Screenshot of Drawn Together by pixelpusher

Drawn Together

An interactive installation project, exploring creative crowd sourcing in hand drawn music videos. Shown at the Big Chill Festival, August  2010

The result of Drawn Together at The Big Chill festival, 4-8 August 2010:

More images here and here

About Drawn Together:

Drawn Together allows groups of individuals to create a music video by asking each of them to visually interpret small sections of music, and combining their work.

This particular video came from the collaborative results of about 80 people drawing 211 individual drawings (frames of animation) that each interpreted a frame of audio (at 12 frames per second, that comes to 66 milliseconds).

Download the application (OSX, Windows, Linux) and source code

The experience begins with a piece of music broken into short sections, be that a slice of a drum break or a sliver of a synth warble. Individuals are given a black screen, a digital drawing tool and a looping, random section of the music. They are encouraged to draw their own visual interpretation of that sound. Once satisfied with their handiwork, the drawing is saved, linked to the sound it represents and becomes a small section of the music video. When all the sound clips have a visual representation linked to them, the video is shown.

Like the early 20th Century animator Oscar Fischinger, participants are encouraged to draw in black-and-white line drawings, giving them a free range of expression within strict stylistic constraints.

Drawn Together builds on ideas of collective consciousness and puts a modern spin on the Surrealist game of Exquisite Corpse – where artists would draw body parts and conceal them under folds of paper, before passing it to the next person to add to the mystery figure.

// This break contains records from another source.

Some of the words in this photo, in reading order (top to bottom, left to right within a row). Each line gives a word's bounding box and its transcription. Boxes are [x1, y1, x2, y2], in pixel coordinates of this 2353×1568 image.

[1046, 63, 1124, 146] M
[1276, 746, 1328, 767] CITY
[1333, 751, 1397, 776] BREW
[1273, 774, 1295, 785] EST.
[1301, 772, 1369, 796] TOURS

Like in Exquisite Corpse, participants in Drawn Together do not get to see the video until it is entirely complete. Cards are handed out with details of how they can see it online, or in a private viewing.

A Bit More:

At the same time, Drawn Together is a completely Open Source production (developed in Processing, graphics created in Inkscape) and the source code will be available after The Big Chill on this website.

Additionally, Drawn Together explores the idea of factory production in art by dividing up an artistic task (e.g. creating a music video) between a collection of anonymous, interchangeable strangers. The result is uncertain – is it stronger or more interesting than a conceptually coherent work by a single author? Is it more interesting because of its complexity? Or is the result something different, entirely? Answering these questions requires us to use the software and judge the results.

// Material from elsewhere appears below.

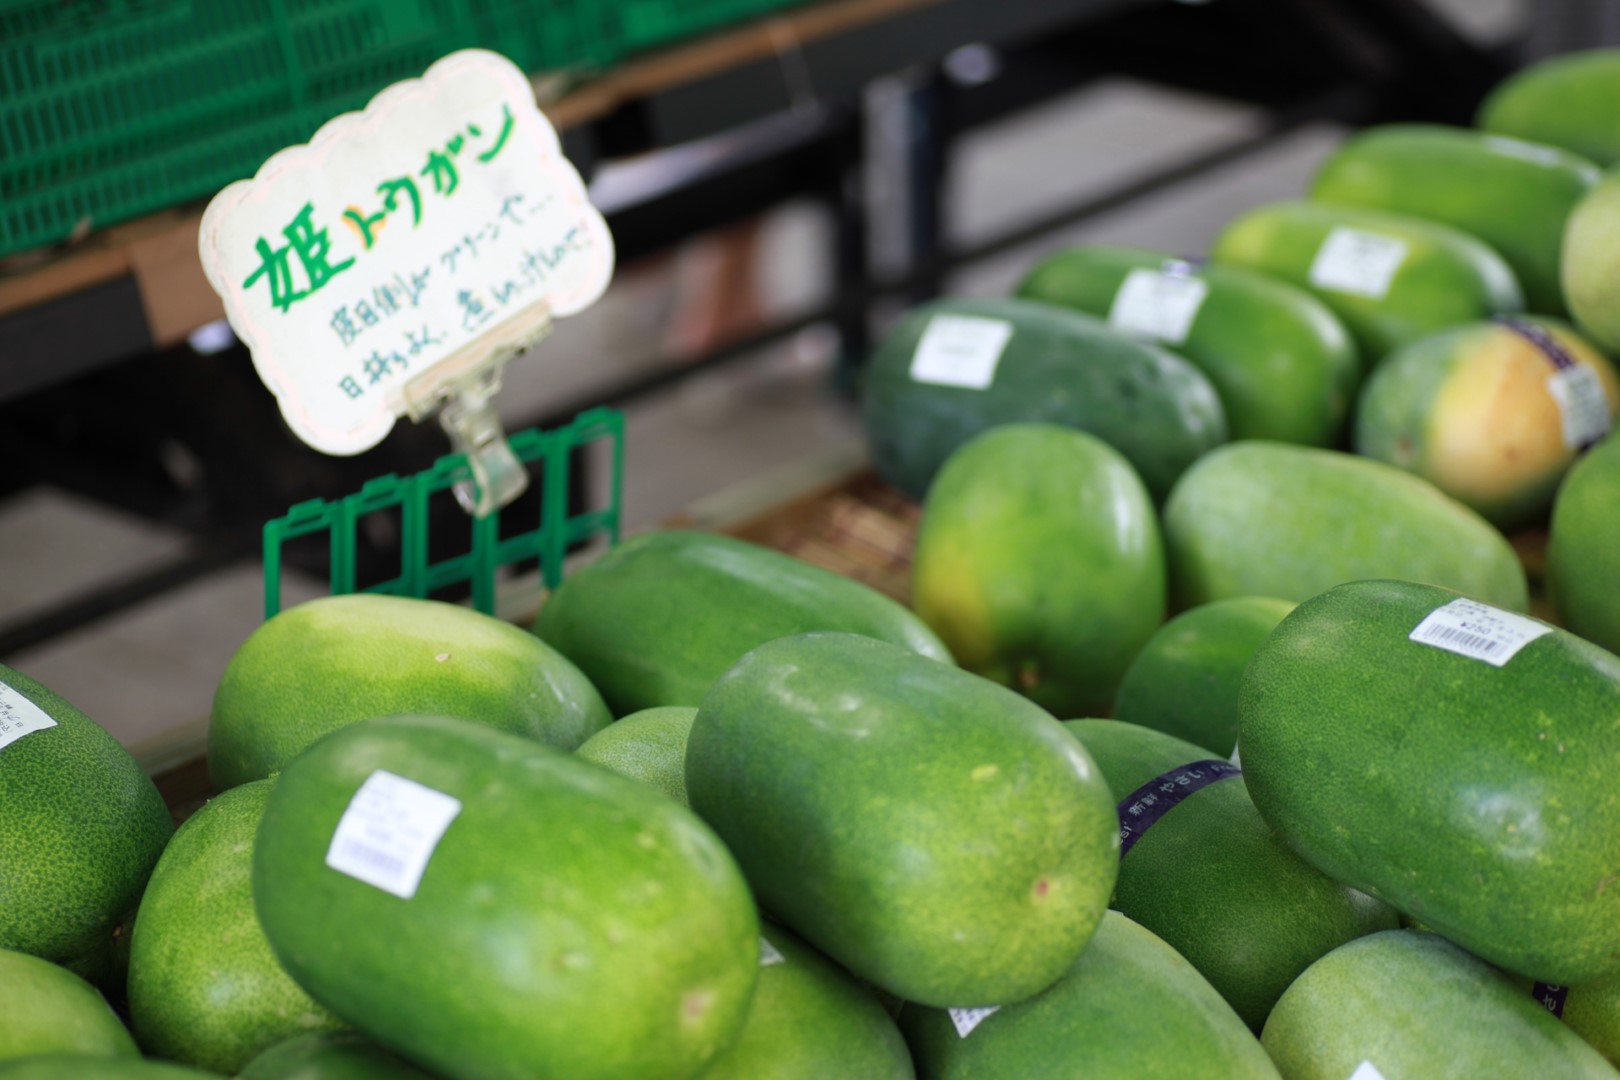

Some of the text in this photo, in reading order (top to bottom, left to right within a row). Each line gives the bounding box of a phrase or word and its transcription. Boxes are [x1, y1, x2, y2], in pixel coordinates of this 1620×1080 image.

The medium of production, e.g. the Open source software, constrains the artistic possibilities of the images (black and white, with limited ability to create complex shapes). Yet, the Open source license of the software allows anyone to create a derivative version with more visual possibilities built in. The trade-off to this approach is that the more specialization and complexity are built into the visual tools for the software, the more the participants are constrained to the software’s authors’ version of visual possibility, resulting in a production model more like a traditional factory where the creative power is in the hands of those who design the system, not those who carry it out.

Contact:

If you’d like more information on Drawn Together, or to show it or other pixelpusher projects, or to schedule an interview with the artist Evan Raskob, please contact pixelpusher at info@pixelist.info.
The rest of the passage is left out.